As a mom going through cancer treatment it’s really hard not to feel guilty about what your treatment and care is taking from the ones you love. I feel like Corryn has missed out on so many fun things this year because of me, so there was no amount of pain that was going to keep me from taking her to experience her “magical Santa moment”. As we got her ready to climb up on to Santa’s Lap and tell him what she wanted for Christmas, I overheard Jordan as he whispered into Corryn’s ear “tell Santa you want your mommy not to be sick anymore… that’s what daddy wants this year”. I’m not sure how I did it, but I managed to hold back the tears that were filling my eyes in this photo.

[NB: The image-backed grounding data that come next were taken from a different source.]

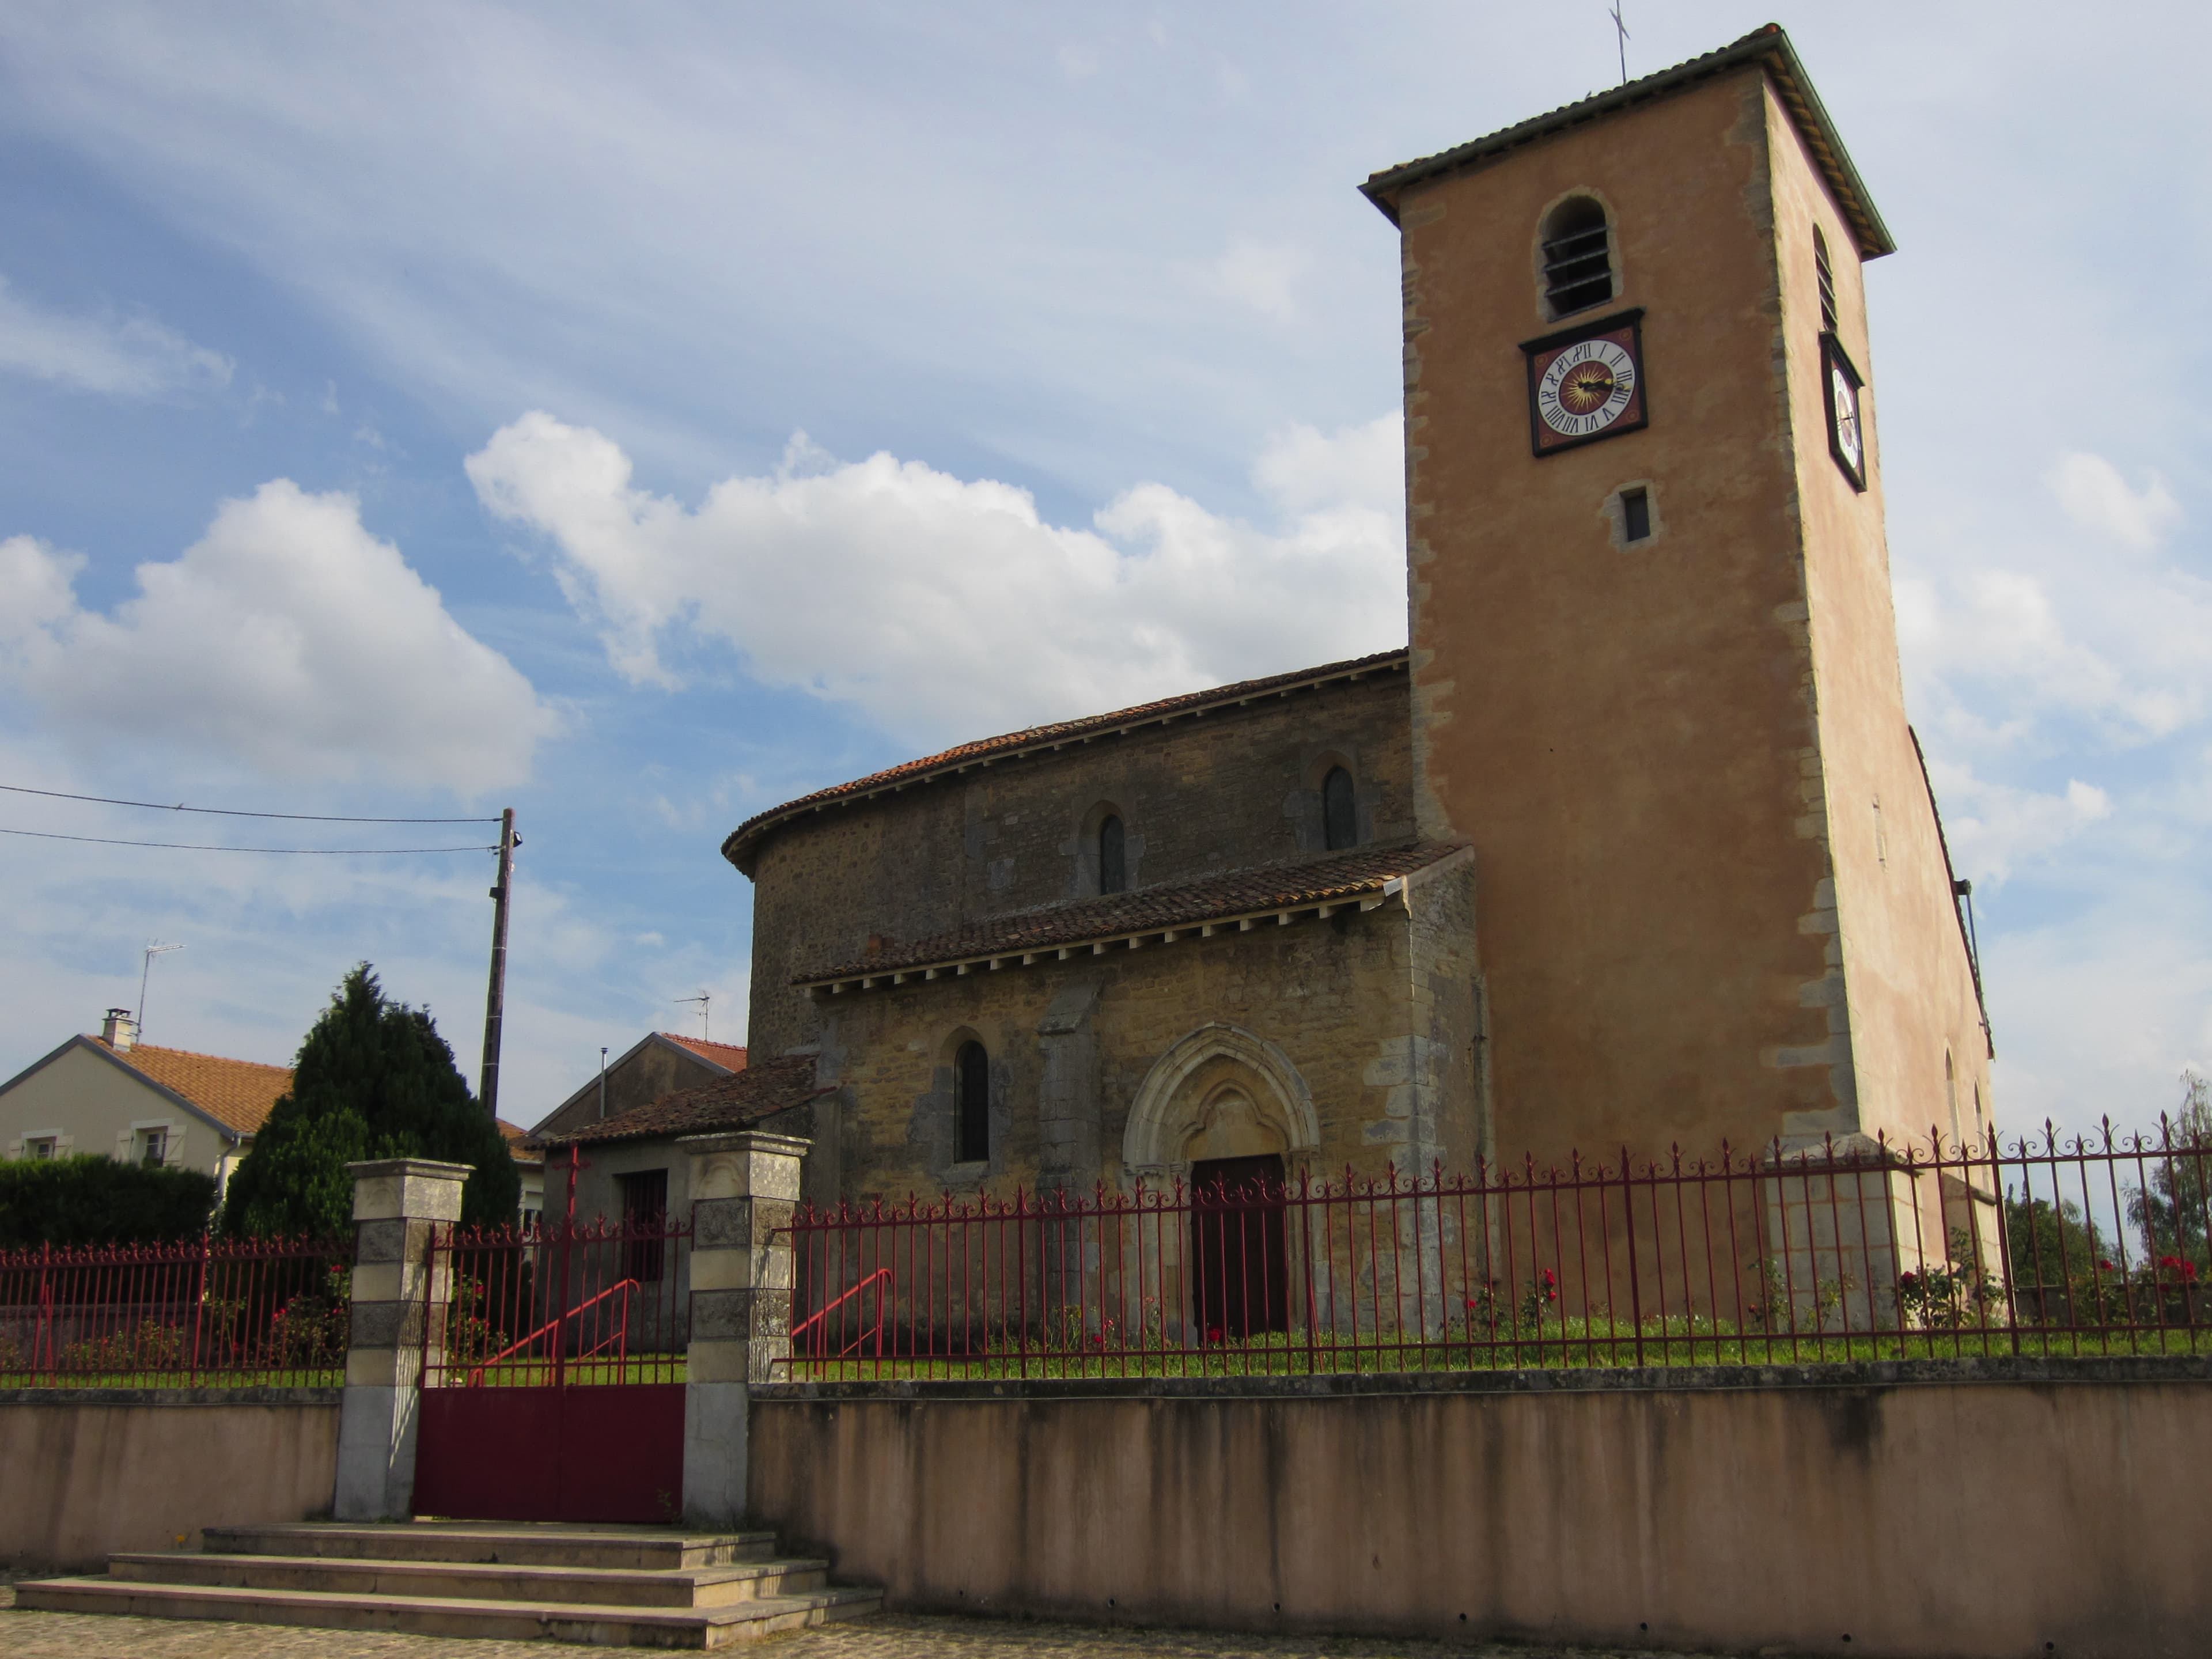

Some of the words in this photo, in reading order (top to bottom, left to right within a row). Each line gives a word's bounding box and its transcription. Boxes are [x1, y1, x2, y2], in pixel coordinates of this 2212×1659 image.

[1599, 343, 1607, 358] I
[1610, 352, 1626, 367] II
[1546, 373, 1559, 386] X
[1616, 369, 1633, 383] III
[1546, 406, 1566, 428] VIII
[1602, 407, 1615, 421] V
[1562, 416, 1578, 433] VII
[1585, 415, 1599, 431] VI

Now that I’m alone and trying to put my emotions into words, I cannot stop the tears from streaming down my face. Hearing those words come out of my sweet husband’s mouth took my breath away. This has been the hardest year of my life but I truly believe it has been even harder on those closest to me. After my reality sunk in, I was able to mentally prepare for what lay ahead of me and fight like hell, but my family and friends have had to helplessly watch me go through each and every step. They try very hard to hide it, but I can see the fear in their eyes when they look at me.
My Christmas wish this year is to give my sweet little girl her carefree childhood back, but most of all, my wish is to bring peace to those who love me and take all of the worry and fear away.